Since starting my studies at the University of Huddersfield I've always wanted an easy way to see my timetable on my phone. The timetable available on the website isn't responsive and relies on POST data to display future weeks timetables, 2 things that don't work great on mobile, especially when the page is kept open in the background.

To get around this I would manually add each of my lectures and practicals to my calendar. These events could be set as recurring, however they would often need removing on specific days (such as during holidays) or have different information on another date, such as a room change. All of this eventually led me think about the famous XKCD Automation comic, so I started work on a method of automating adding it to my calendar.

Automating

My first idea for how to automate the process was to create a Google Chrome extension. To try and figure out if this was possible I loaded up my timetable.

Here I noticed that the URL didn't have any information about the timetable. My next thought is that my student number must be stored in a cookie. So I opened up the Developer Tools to inspect the request. To my surprise it was a POST request... with the student number as part of the form data.

But surely it would be just be using that to validate that I was the user I said I was, right? I loaded up my favourite HTTP utility, DHC, and created a basic request to load my own timetable.

It worked! Just to double check I messages one of my friends explaining the situation and asking him for his student number. He sent me the number and, again, it worked! My first thought was that I was happy that I'd found a way that I might be able easily scrape the data I needed.
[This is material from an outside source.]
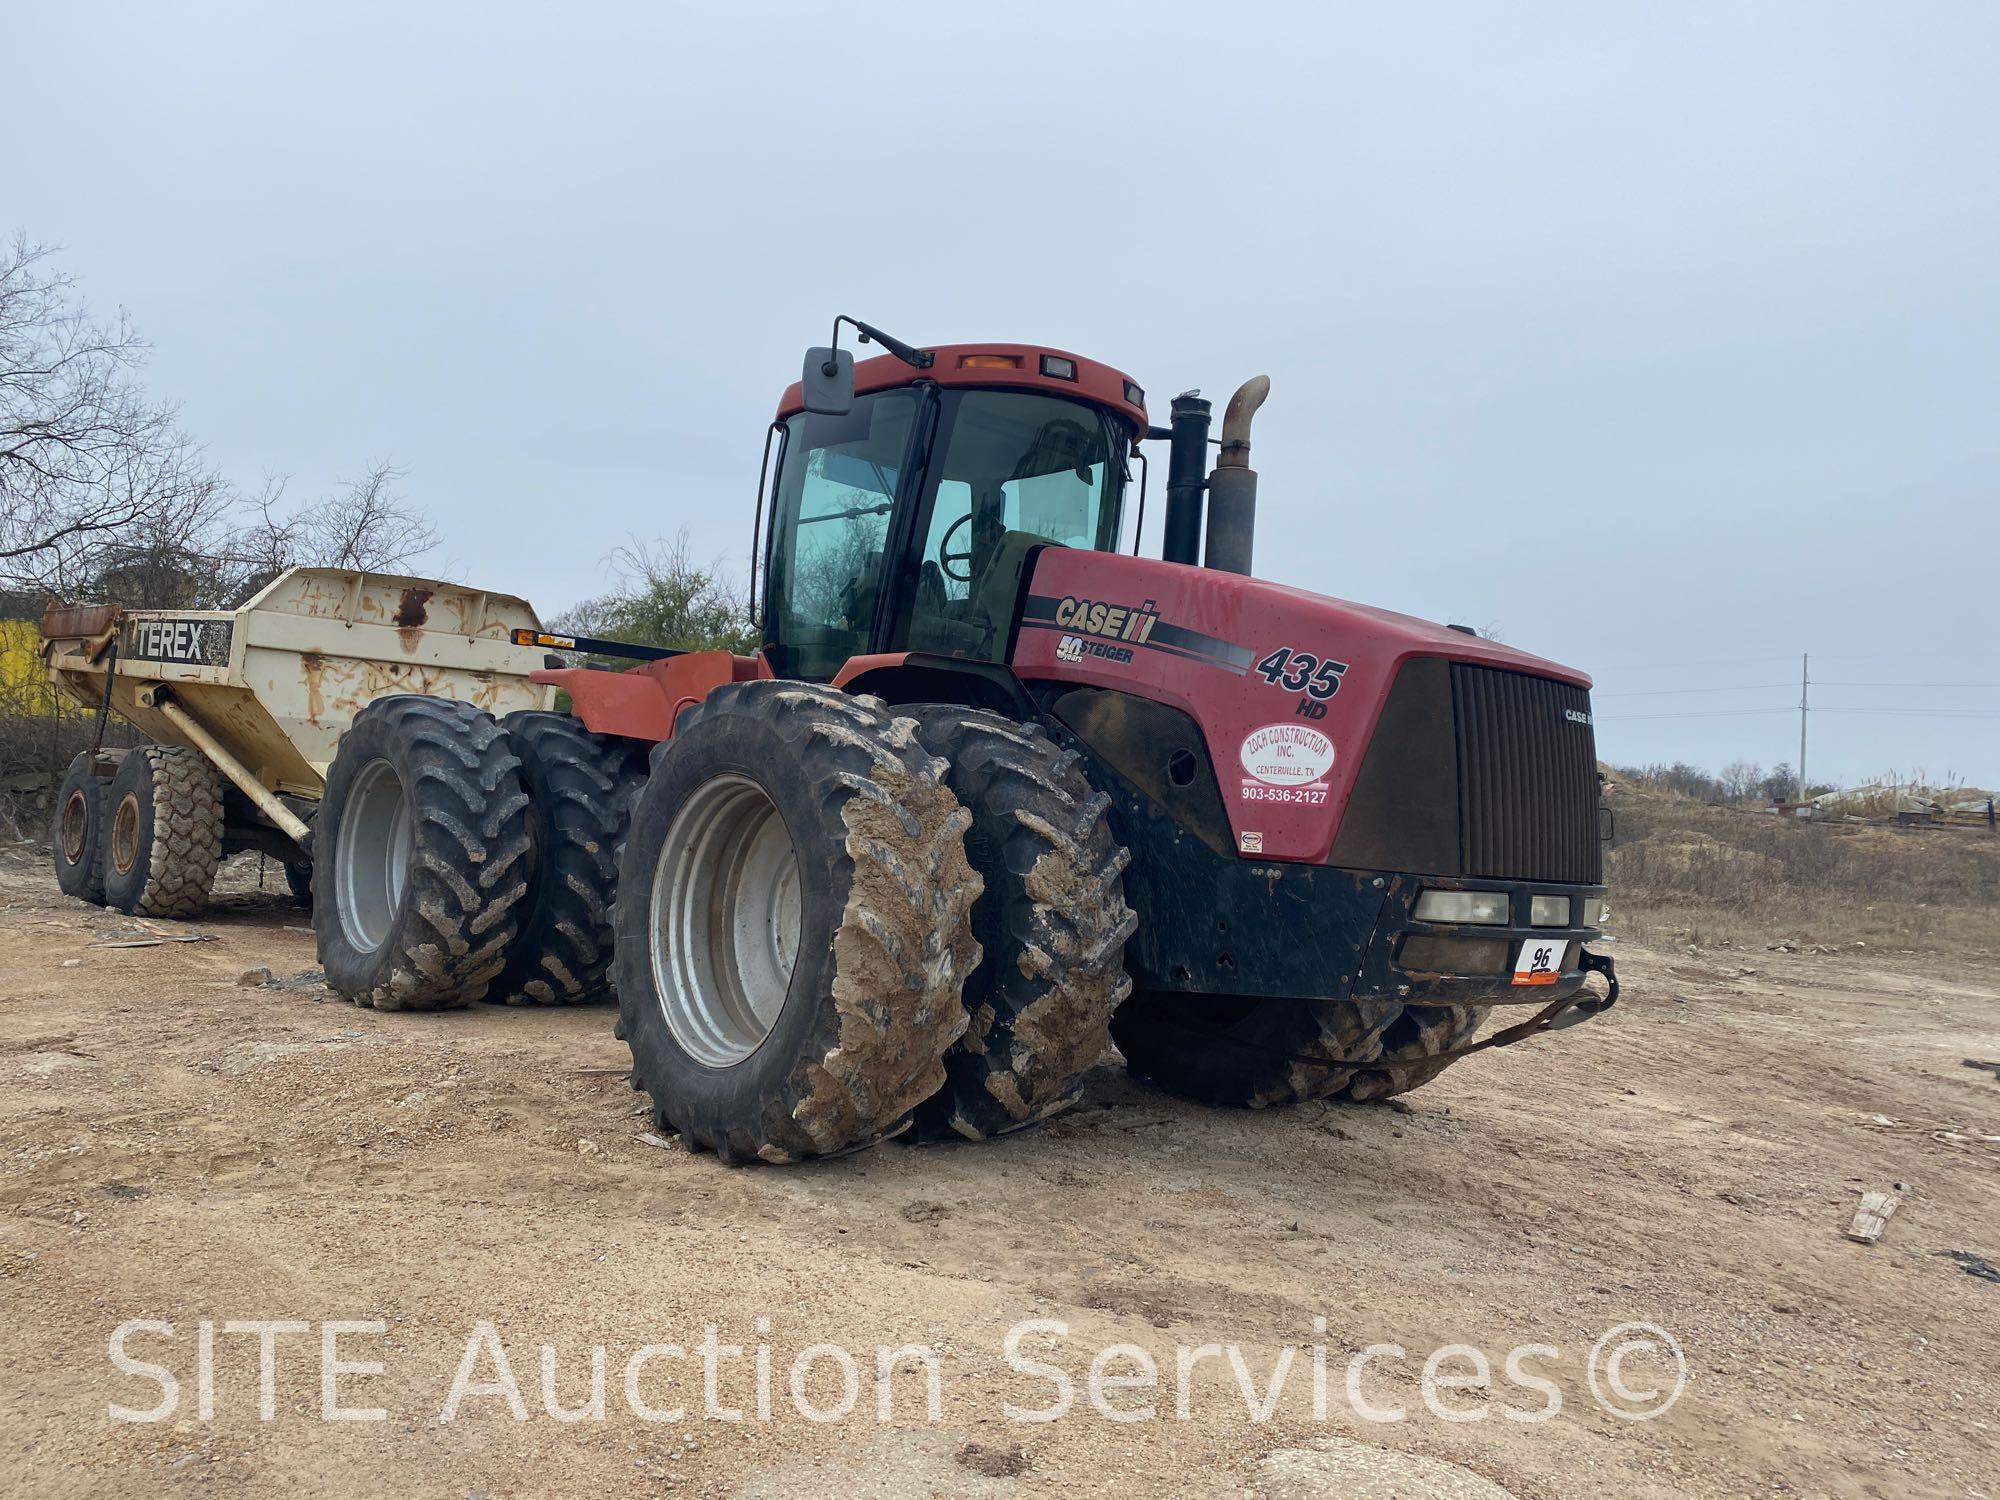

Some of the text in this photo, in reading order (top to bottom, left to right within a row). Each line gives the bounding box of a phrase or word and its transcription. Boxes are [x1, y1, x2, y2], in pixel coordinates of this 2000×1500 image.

My second thought was that it was a bit worrying that by only knowing someone's student number you could find out where someone was likely to be. Despite this I started thinking of how I could truly automate this.

EaaS - Exploitation as a Service

Since it was so easy to access the data I thought it'd be a good idea to make the service available to others. Creating a Google Chrome extension would prevent some users from using the service and could make it a little harder to get it in to a user's calendar. The calendar would also not automatically update. The overall user experience would be worse.

Look at the state of this place!

Getting the current weeks timetable is easy, but what about future weeks? To figure this out I loaded up my timetable again and changed the value in the "Week beginning" dropdown.

As you can see, there's a bit more going on this time. However, having worked with ASP.NET before, I can see that it won't be too hard to make the request work. So I make another request:

Now we have where people will be for the rest of the academic year all of my future timetables!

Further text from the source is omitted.